Guerra, attacco USA-Israele all’Iran, il ruolo del calcio nello scenario geopolitico

Mondiali 2026 tra diplomazia e tensioni: l’ombra del conflitto USA-Israele-Iran sul calcio globale

La geopolitica torna a incrociare il pallone. Mentre si intensificano le tensioni tra Stati Uniti, Israele e Iran, il calcio mondiale osserva con apprensione l’avvicinarsi della Coppa del Mondo FIFA 2026, la prima edizione a 48 squadre della storia, organizzata congiuntamente da Stati Uniti, Canada e Messico.

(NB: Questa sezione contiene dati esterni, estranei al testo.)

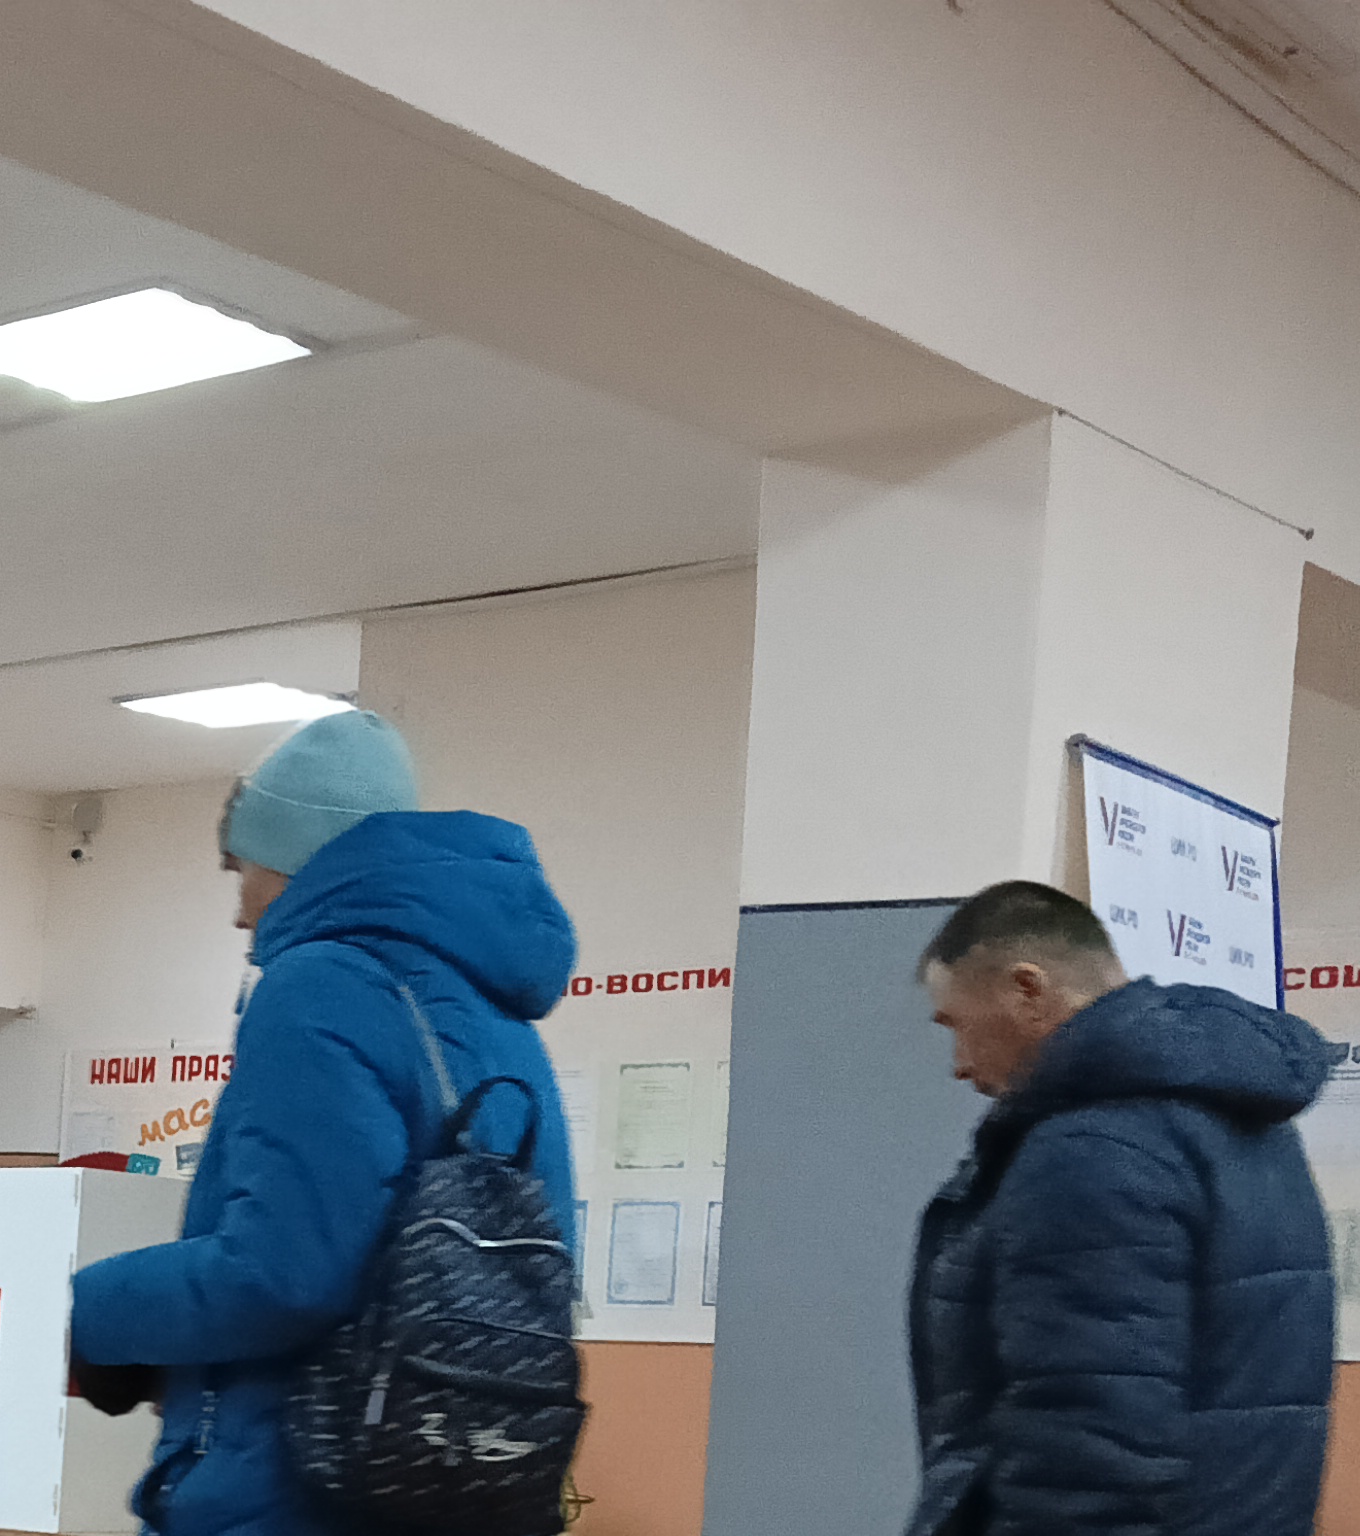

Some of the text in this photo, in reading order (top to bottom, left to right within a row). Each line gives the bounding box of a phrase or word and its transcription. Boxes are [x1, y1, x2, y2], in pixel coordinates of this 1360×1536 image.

[562, 966, 732, 997] О-ВОСПИ
[90, 1054, 236, 1085] НАШИ ПРАЗ

In questo scenario complesso, l’eventuale partecipazione dell’Iran national football team rischia di trasformarsi in un caso politico internazionale.


Un Mondiale storico, tra politica e numeri record

L’edizione 2026 segnerà una svolta epocale: per la prima volta saranno 48 le nazionali partecipanti, con un format allargato e un calendario distribuito su tre Paesi ospitanti. L’assegnazione del torneo è stata decisa durante il 68° Congresso FIFA del 13 giugno 2018, che ha premiato la candidatura congiunta nordamericana rispetto a quella del Marocco.

Secondo quanto ricordato dal presidente degli Stati Uniti Donald Trump nel corso della prima riunione del Board of Peace per Gaza a Washington, i Mondiali 2026 avrebbero già fatto registrare “vendite record di biglietti”, sottolineando l’enorme aspettativa globale attorno all’evento.

Alla riunione era presente anche il presidente della FIFA, Gianni Infantino, che ha ribadito il ruolo dello sport come strumento di dialogo e cooperazione internazionale, annunciando un piano di sostegno per la ricostruzione delle infrastrutture calcistiche nella Striscia di Gaza in collaborazione con la Federcalcio palestinese.


Il conflitto e il nodo Iran

Il clima internazionale però resta teso. Il presidente della Federcalcio iraniana, Mehdi Taj, ha dichiarato dalla televisione pubblica di Teheran che la partecipazione dell’Iran al Mondiale 2026 non sarebbe scontata, alla luce del conflitto in corso con Israele e Stati Uniti.

L’Iran è già qualificato e inserito nel Gruppo G, insieme a Belgio, Egitto e Nuova Zelanda. Il calendario prevede tre partite tutte sul territorio statunitense:

  • 15 giugno, Los Angeles: Iran – Nuova Zelanda
  • 21 giugno, Los Angeles: Iran – Belgio
  • 26 giugno, Seattle: Iran – Egitto

Ma le condizioni politiche e diplomatiche potrebbero rendere complessa la trasferta della delegazione iraniana negli Stati Uniti, tra questioni legate ai visti, alla sicurezza e alle eventuali sanzioni.

Un’eventuale esclusione o rinuncia avrebbe un impatto enorme, non solo sportivo ma anche simbolico: il Mondiale è storicamente uno spazio di tregua, dove rivalità politiche e conflitti si confrontano sul campo anziché sul piano militare.


Il calcio come strumento di pace?

Nel suo intervento a Washington, Infantino ha ribadito l’impegno della FIFA nel promuovere inclusione e stabilità attraverso lo sport, annunciando programmi per la costruzione di nuovi campi da calcio a Gaza, formazione per istruttori e un fondo dedicato alla ricostruzione degli impianti sportivi.

L’iniziativa si inserisce in un quadro più ampio in cui lo sport viene utilizzato come leva diplomatica. Tuttavia, la storia dimostra che i grandi eventi sportivi non sono immuni dalle tensioni geopolitiche: boicottaggi, esclusioni e polemiche hanno più volte segnato Olimpiadi e Mondiali.

Con 48 squadre provenienti da tutti i continenti, la Coppa del Mondo 2026 si presenta come il torneo più globale di sempre. Proprio questa dimensione universale potrebbe renderla un banco di prova cruciale: il calcio sarà capace di restare terreno neutrale o verrà trascinato nel vortice delle rivalità internazionali?

Nei prossimi mesi, molto dipenderà dall’evoluzione del conflitto e dalle decisioni diplomatiche tra Teheran e Washington. Il pallone è pronto a rotolare, ma la politica – ancora una volta – incombe sul campo.